Selasa, 02 April 2013


Meracik teh PERBAWATI produksi perkebunan nusantara VIII tanggal 25 oktober 2009 yang disimpen di gudang daerah Sindang Sirna No. 4 Bandung yang bersuhu 25 derajat celcius (celcius dijadikan ukuran panas yang tetap dalam pembuatan teh ini) dengan gula batu ALINI yang di packing di Jakarta daerah selatan yang menerima suplai dari daerah Probolinggo, Jawa Timur. Dimasak dengan rice cooker dengan panas 95 derajat selama 15 menit lebih 25 detik lalu dibiarkan dingin sekitar 2 menit. Disaring dengan saringan kain dengan kerapatan 25 micron sambil digoyang searah jarum jam sebanyak 25 kali. Lalu masukkan gula batu yang sudah didinginkan selama 8 jam dengan sendok sedikit demi sedikit dengan kecepatan 25cm/jam. Biarkan dingin selama 10 menit lalu setelah itu bisa diminum dengan gelas berdiameter 7 cm dengan kedalaman 10 cm. ditatak dengan piring kecil yang terbuat dari tanah liat daerah Kulonprogo yang dipanasi dengan pembakaran jerami selama 7hari 7malam yang terus dijaga suhunya 700 derajat. Disajikan pada meja kecil dari potongan batang pohon yang sudah berukuran 25 tahun dan memiliki 8 sudut akar yang warnanya berbeda-beda. Dipotong dengan gergaji dua mata dengan penebangan di pagi hari sekitar jam 10.30 dan diamplas dengan amplas no 1 sebanyak 3 kali, no 3, 4 kali dan no 8 sebanyak 8 kali. Di varnish dengan cat varnish dari herbal yang dihasilkan dari daerah papua yang diproduksi oleh warga setempat untuk pewarna koteka.

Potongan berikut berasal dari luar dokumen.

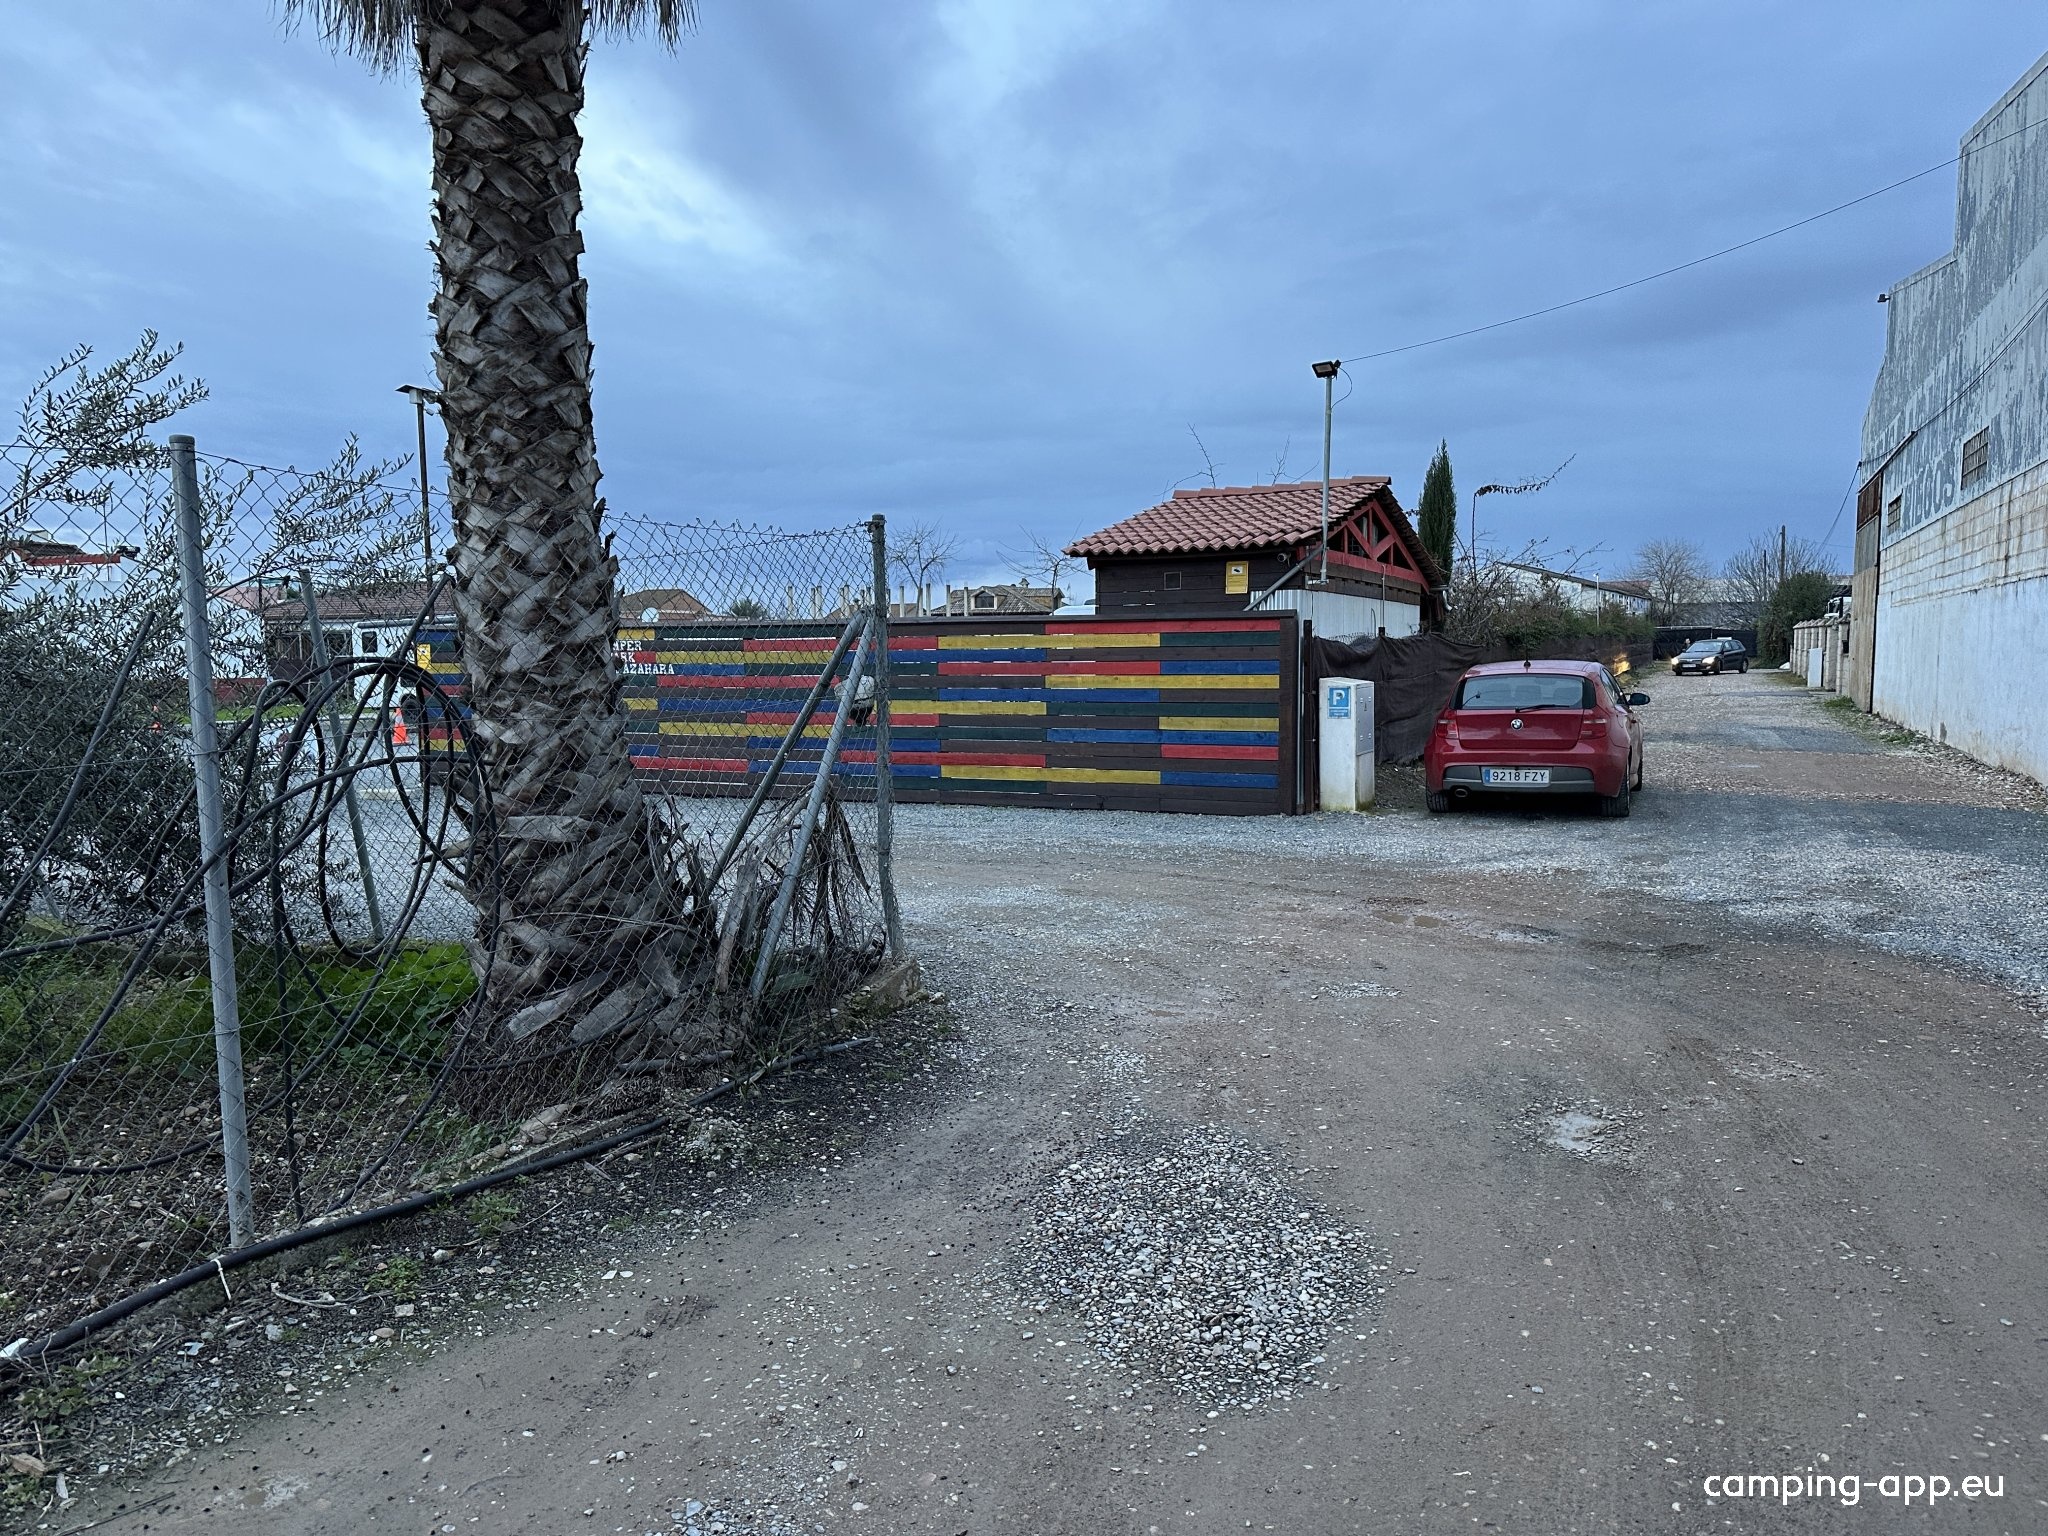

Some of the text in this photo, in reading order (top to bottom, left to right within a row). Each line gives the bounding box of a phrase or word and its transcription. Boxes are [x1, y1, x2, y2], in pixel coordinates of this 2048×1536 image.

Penyajian dilakukan dengan membawa baki dari rotan yang sudah dibentuk dengan lempengan plat 8 mm dan di tatak dengan daun pisang segar yang baru dipetik langsung dari kebun sendiri agar pembuangan panas tidak lebih dari 8 joule per detik. Dibawa perlahan dengan ditutup dengan tempurung kelapa kopyor dari Sukabumi agar hawa luar tidak mempengaruhi kualitas udara yang ada di sekitar teh. Diturunkan dengan cara jongkok perlahan seperti duduk antara dua sujud, diletakkan di meja yang sudah dipersiapkan. Dipegang bagian piring tatakan tanpa menyentuh bagian gelas. Tangan harus sudah dicuci dengan sabun anti septik yang dibasuh dengan air hangat sekitar 50 derajat. Tahan napas Anda saat meletakkan piring karena akan membuat kualitas teh tetap terjaga dari napas yang sudah terkontaminasi dengan polusi kota Jakarta. Saat penyaji hendak berdiri, kepala harus tetap lurus dengan sudut 90 derajat tanpa menggerakkan kelopak mata agar efek penglihatan ke teh bisa dihindari sehingga teh tidak merasa diserang. Berdiri perlahan dan berbalik badan tidak boleh menggerakkan sehelai rambut dengan maksud tidak menebar aroma rambut yang menyengat. Dan teh bisa diseruput dengan pelan dengan memegang gelas bagian kanan 65derajat lintang timur 95 lintang barat. Bagian kiri 34 derajat bagian tenggara 23 derajat bagian timur laut. Diangkat dengan kecepatan 1 meter per jam dengan menahan napas. Hirup aroma teh terlebih dahulu agar badan tidak kaget dan terbiasa dengan kesegaran teh PERBAWATI. Diseruput dengan perlahan bagian pinggir gelas yang ada kemiringan lengkungan 3 derajat. Perlahan tapi pasti. Selesai sudah menyajikan dan menyantap teh PERBAWATI dengan rasa yang menggoda hati... sebenarnya bangsa Indonesia memiliki cara penyajian teh yang baik dan benar seperti Jepang yang sudah ada ribuan tahun. Cara ini diadaptasi oleh saya dalam hayalan... Selamat mencoba dan salam kuliner Indonesia!